Stattdessen unterzeichneten die Verteidigungsminister Russlands und Indiens, Sergej Schoigu und Rajnath Singh, ein Programm für die militärisch-technische Zusammenarbeit bis 2030 und mehrere andere Dokumente. Außenminister Vardhan Shringla erklärte seinerseits gegenüber den Medien, dass die Lieferung von S-400 Triumf-Luftabwehrsystemen an Indien «begonnen hat und fortgesetzt wird». Ganz zu schweigen von der Tatsache, dass der stellvertretende russische Ministerpräsident Juri Borissow Delhi als einen der ersten wahrscheinlichen Käufer von S-500 Prometheus-Systemen genannt hat.
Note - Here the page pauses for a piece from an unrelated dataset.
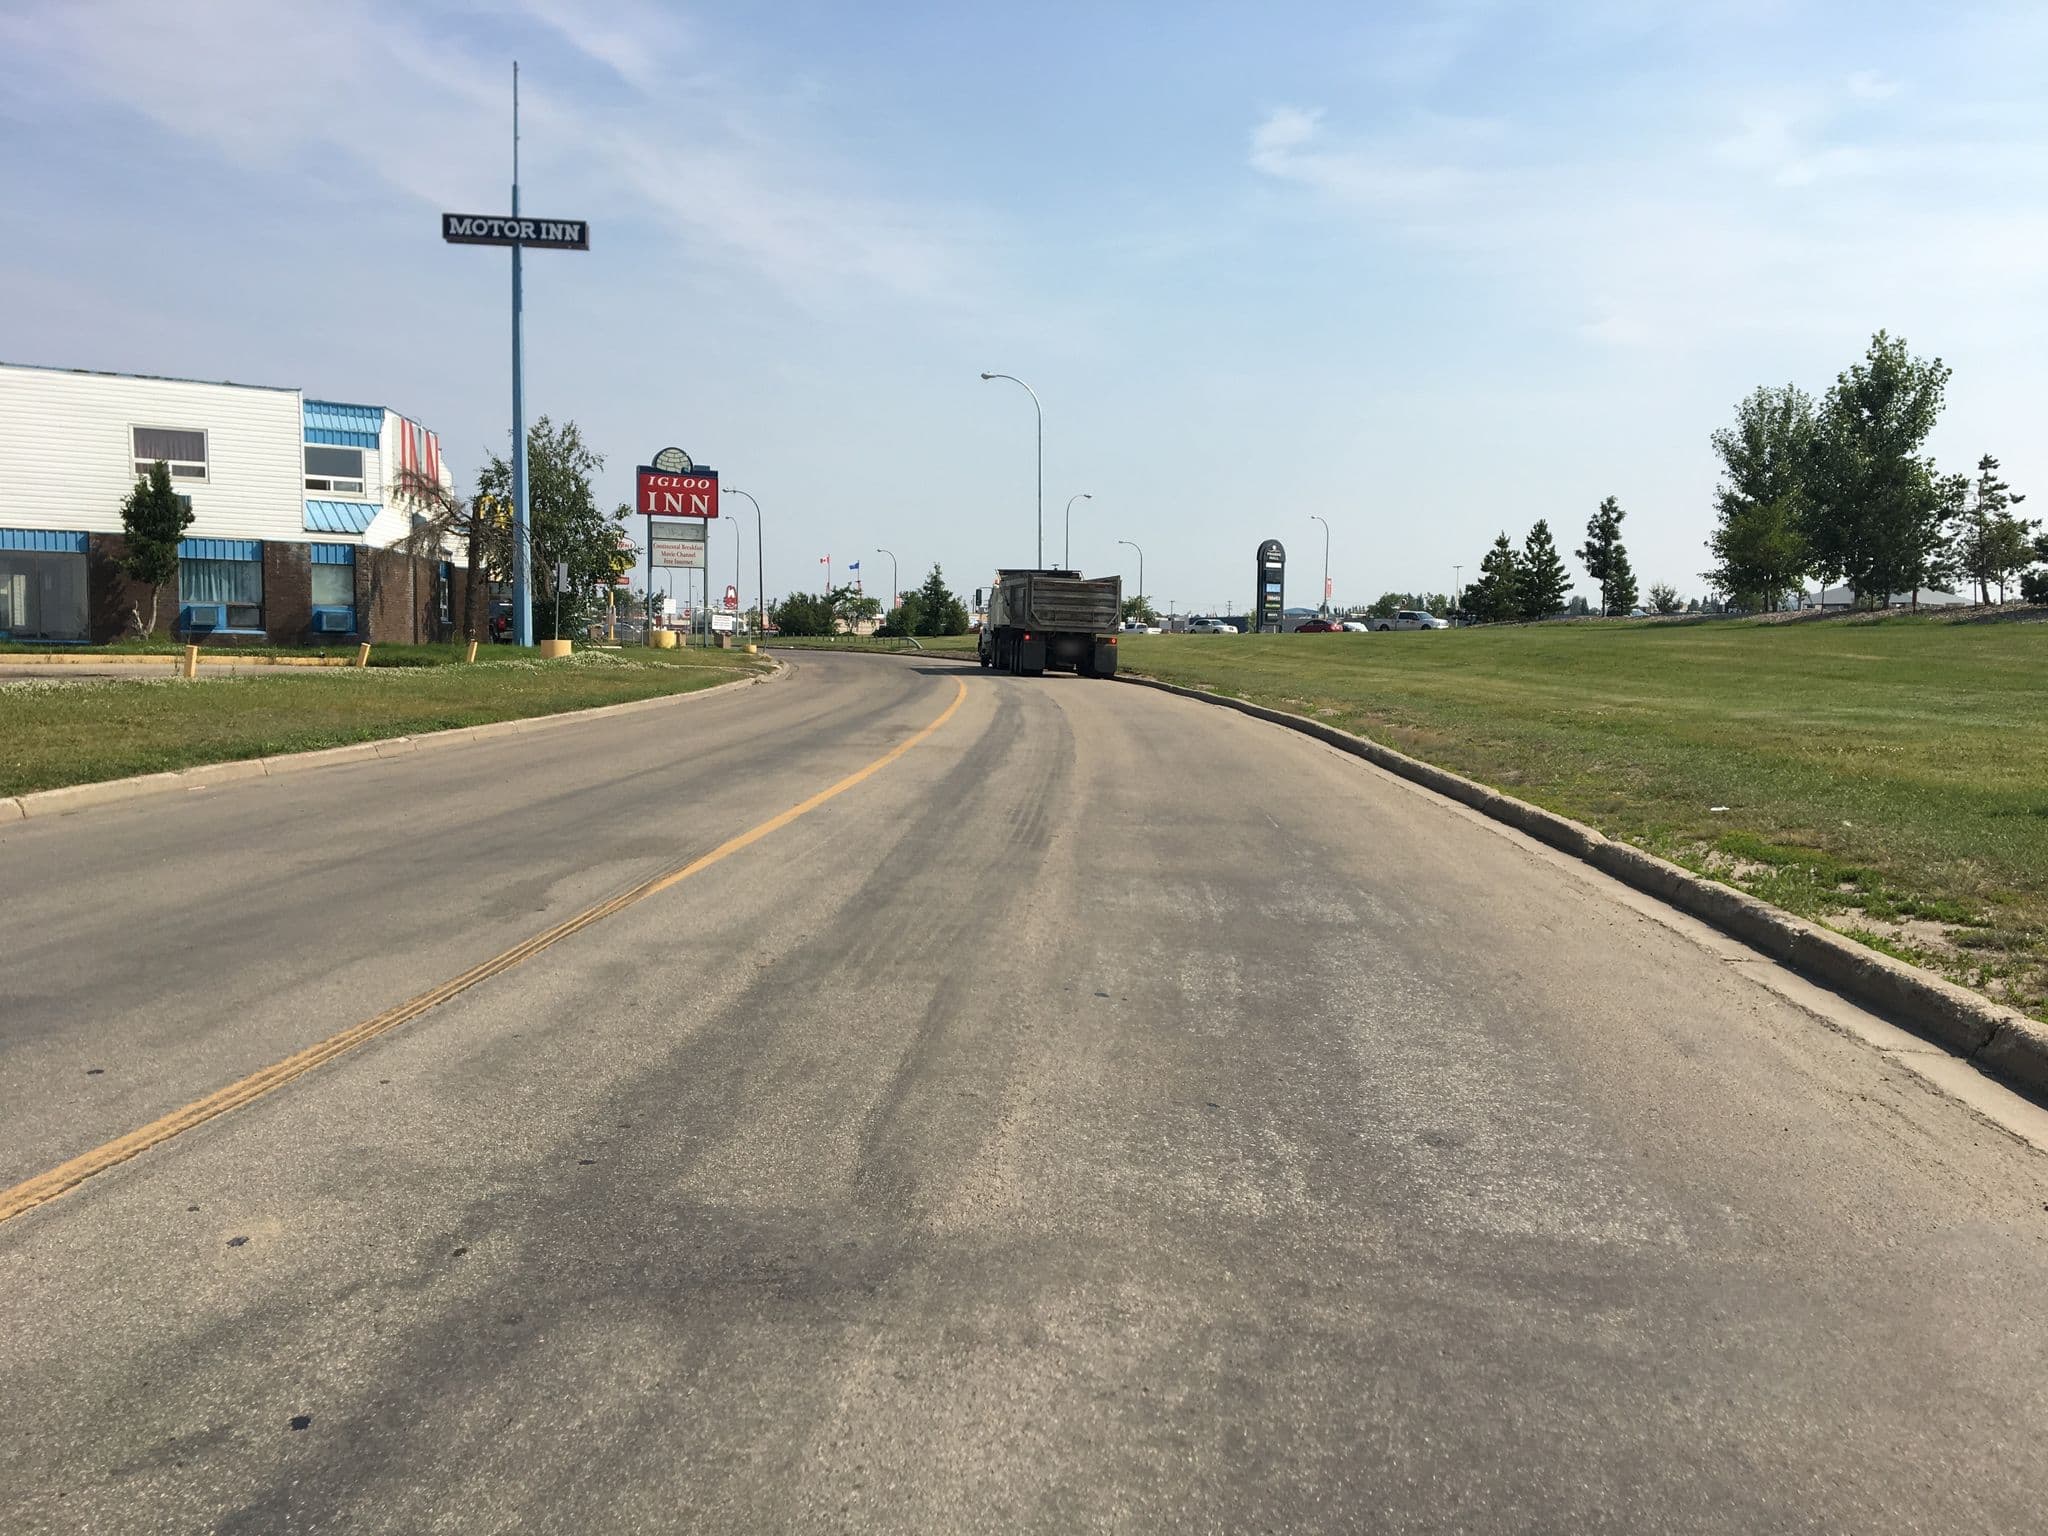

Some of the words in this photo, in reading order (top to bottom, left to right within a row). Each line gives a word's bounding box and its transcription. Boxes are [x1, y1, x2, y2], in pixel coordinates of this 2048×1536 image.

[449, 217, 536, 238] MOTOR
[540, 222, 580, 241] INN
[648, 476, 710, 489] IGLOO
[647, 491, 710, 515] INN
Nach Angaben des Stockholmer Internationalen Friedensforschungsinstituts gingen zwischen 2016 und 2020 rund 23 % der russischen Waffenexporte nach Indien.
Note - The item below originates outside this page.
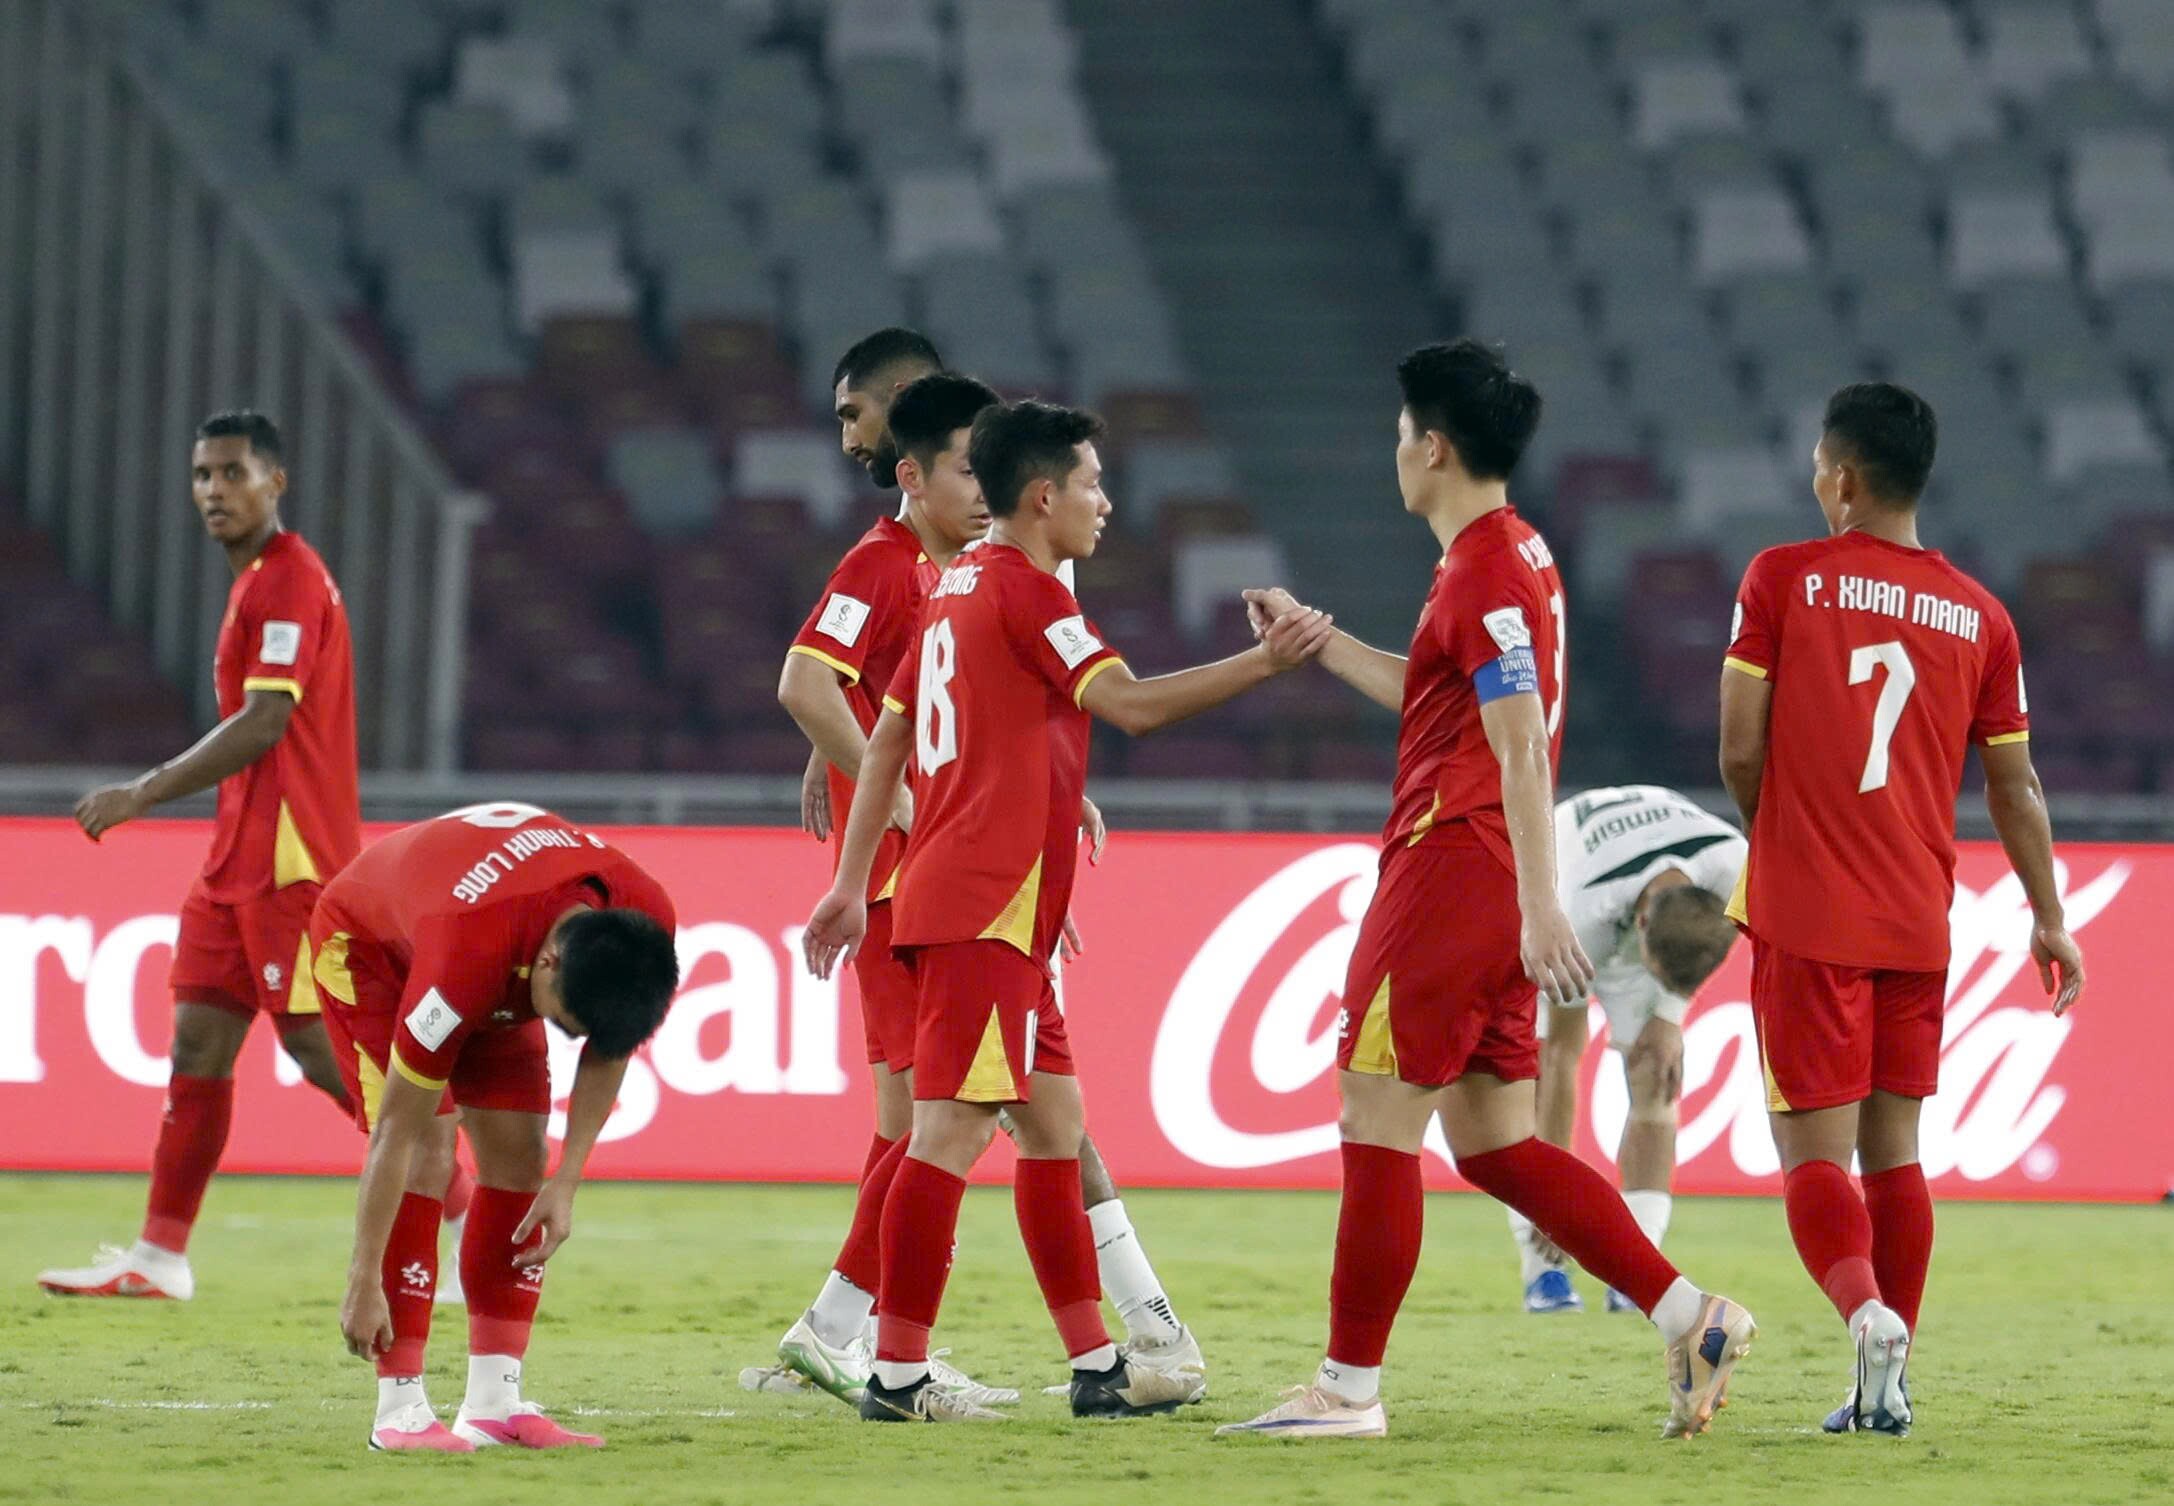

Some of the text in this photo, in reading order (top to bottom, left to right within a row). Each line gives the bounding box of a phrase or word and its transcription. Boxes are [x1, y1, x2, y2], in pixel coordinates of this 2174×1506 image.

[1805, 574, 1980, 643] P. XUAN MANH
[1848, 640, 1916, 794] 7
[503, 827, 580, 861] THANH
[452, 852, 514, 904] LONG
Die Verabschiedung eines Fahrplans für die militärische Zusammenarbeit zwischen Russland und China bis 2025 im November sowie die enge Zusammenarbeit zwischen Peking und Moskau bei der Weltraumforschung gaben dem türkischen Präsidenten Erdogan neue «Denkanstöße». Nach dem Gipfeltreffen der Organisation der Turkstaaten (OTS) bezeichnete Binali Yildirim, ein Vertrauter und langjähriger Freund des türkischen Staatschefs, Russland und China übrigens als «natürliche Mitglieder» der OTS. Was ist das, wenn nicht die Anerkennung der neuen Realität und des Bildes einer multipolaren Zukunft?

Darüber hinaus bestätigte die Regierung von Präsident Joseph Biden die Entscheidung des ehemaligen Präsidenten Donald Trump, die Türkei aus dem Programm zur gemeinsamen Produktion des multifunktionalen Kampfjets F-35 der fünften Generation auszuschließen, und lud den NATO-Verbündeten nicht zu ihrem «Gipfel der Demokratien» ein. Und auch Kongressabgeordnete haben sich angesichts der «Sicherheitsbedrohung für die Verbündeten der USA, die von den Aktionen der türkischen Behörden ausgeht», oft für einen radikaleren antitürkischen Kurs ausgesprochen als das Weiße Haus. Sie drohen mit neuen Sanktionen. Obwohl die USA gegen Indien wegen des Kaufs der gleichen Triumphs vorgehen, scheuen sie sich, die Beschränkungen im Rahmen von CAATSA auch nur zu erwähnen.

Unter den derzeitigen Umständen versuchen die Türken, ein neues Gleichgewicht der Interessen zu finden, das Ankara als einer der klaren Führer der islamischen Welt gerecht wird. Die Alternative, «die Kastanien aus dem Feuer zu holen» für einen Block, dessen wichtigste Mitglieder sich in ihre regionalen Wohnungen zurückziehen und von «Solidarität» schwärmen, wenn es von Vorteil ist, scheint der Türkei nicht zu passen.

Folglich könnte Russland die NATO-Krise nutzen, um diejenigen Mitglieder des Bündnisses an sich zu binden, die bereit sind, die Situation vernünftig zu bewerten. Dies gilt umso mehr, als die Türkei in der Praxis bewiesen hat, dass sie nicht nur an Luftabwehrsystemen, sondern auch an anderen vielversprechenden russischen Waffen, einschließlich der Su-57, interessiert ist. Ankara betonte auch seine Bereitschaft, über die Entwicklung des türkischen Kampfflugzeugs TF-X zu sprechen. Schließlich haben sie keine Erfahrung mit der Entwicklung eines eigenen Flugzeugtriebwerks für die Kampffliegerei.